Unlike phone wiretaps, most forms of digital surveillance don't have to be publicly reported, which means we have no clear idea how often these tools are used -- but what we do know suggests they're increasingly popular. In just the past six months, Google alone fielded 7,969 requests for user data from the U.S. government, covering 16,281 accounts -- and that doesn't include requests under secret intelligence authorities. Owing in part to the increasing popularity of location tracking using cell phones, mobile providers dealt with a staggering 1.3 million requests in the past year. In many instances, the targets never have to be informed they've been spied upon.

Legislation to amend ECPA introduced by Sen. Patrick Leahy (D-Vt.) would finally require a search warrant whenever the government wants to read the contents of emails and other private documents. Law enforcement agencies have been pushing back against this common-sense requirement, often citing dramatic scenarios involving kidnappings or death threats. Yet the law already contains a clear exception to the warrant requirement for such emergency situations, which nobody has proposed eliminating. Meanwhile, a variety of government agencies have pushed for their own exceptions for regulatory inquiries.

Leahy's proposal is a fine start -- but even better would be the heightened standards that apply to phone wiretaps. In the 1967 case Berger v. New York, the Supreme Court suggested that because wiretaps are generally secret (unlike searches of homes) and capture many innocent conversations, extra protections are necessary. Federal law requires law enforcement to show they can't get the evidence they need by less intrusive methods, and to avoid recording irrelevant material. The same arguments apply to our electronic accounts, which often host years of intimate conversations -- like those between Petraeus and his mistress, which the FBI unearthed as part of an investigation into supposed "cyberstalking."

Congress and the courts should also heed Supreme Court Justice Sonia Sotomayor's recent suggestion that "it may be necessary to reconsider the premise that an individual has no reasonable expectation of privacy in information voluntarily disclosed to third parties." Under current Supreme Court doctrine, such information is generally assumed to lack constitutional protection, because individuals "assume the risk" that companies will reveal it -- even if they are legally obligated not to, and even when the government compels them to do so. "This approach," Sotomayor observed, "is ill suited to the digital age, in which people reveal a great deal of information about themselves to third parties in the course of carrying out mundane tasks," ranging from their physical location to their reading habits and political or religious associations.

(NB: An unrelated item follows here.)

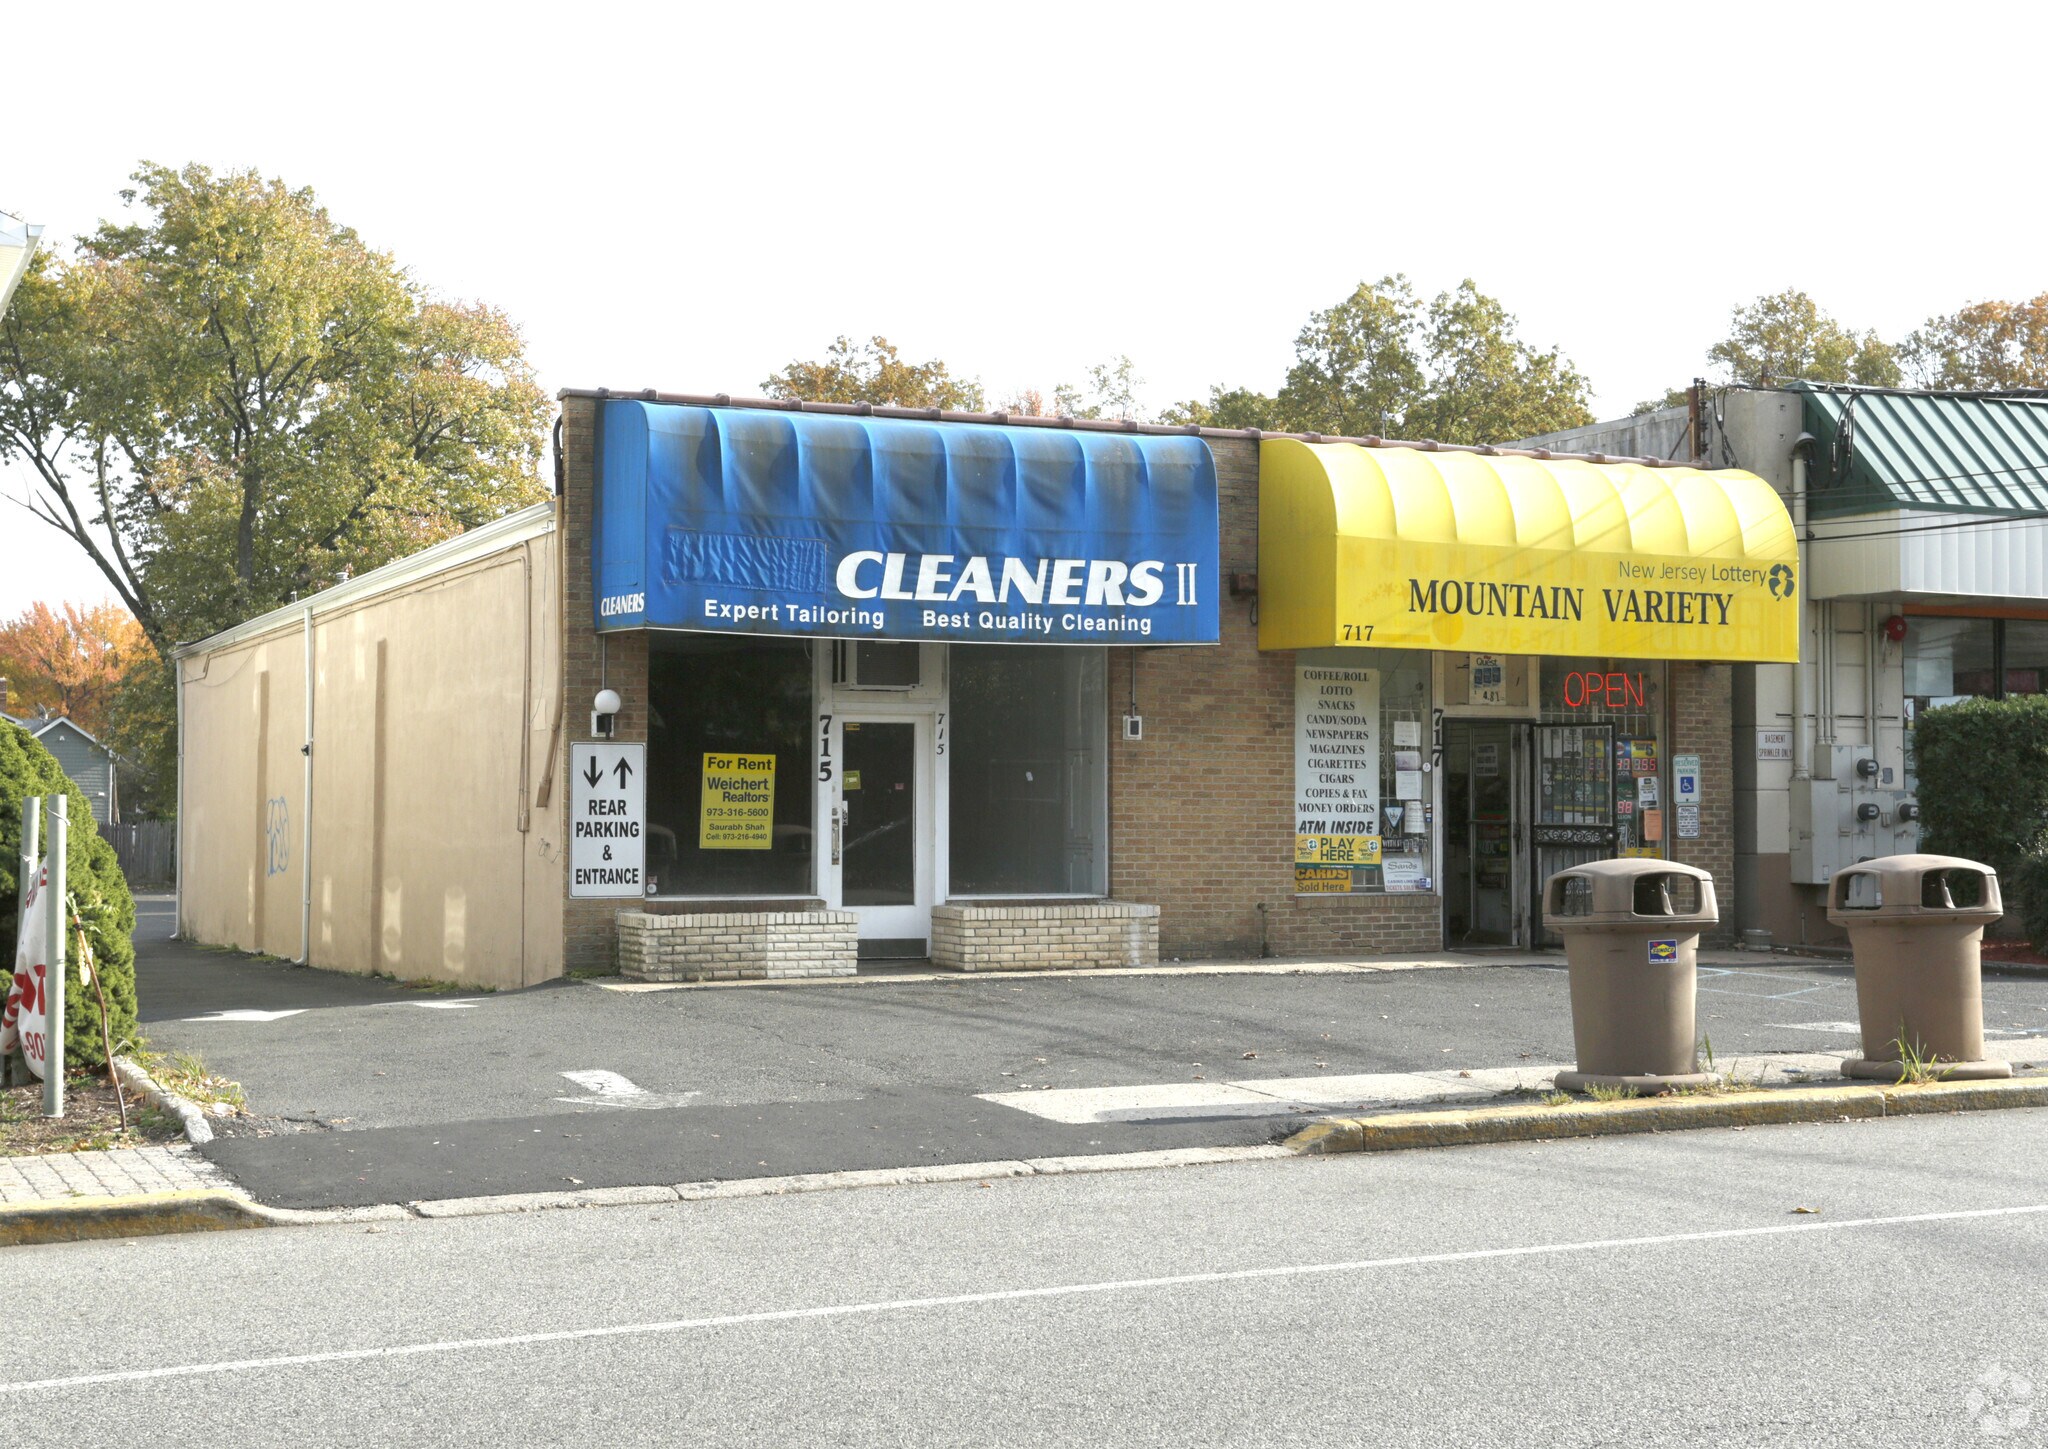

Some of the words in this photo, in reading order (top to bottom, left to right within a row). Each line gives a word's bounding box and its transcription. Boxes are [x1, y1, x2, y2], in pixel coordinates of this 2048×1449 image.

This doesn't necessarily mean all digital records should require a full-blown search warrant, heightened judicial scrutiny should surely be required in certain cases. Using subpoenas to strip away a speaker's anonymity, as the FBI did in the Petraeus investigation, implicates our long-established First Amendment right to anonymous speech. Similarly, e-mail logs can reveal membership in controversial groups, which the Supreme Court has held can chill our right to free association.

Given the resistance we've seen even to limited reform efforts, achieving these changes will no doubt require a long and difficult fight. Without them, however, our constitutional privacy guarantees will be limited to the world of ink and parchment, even as our private lives inhabit a world of bits and pixels.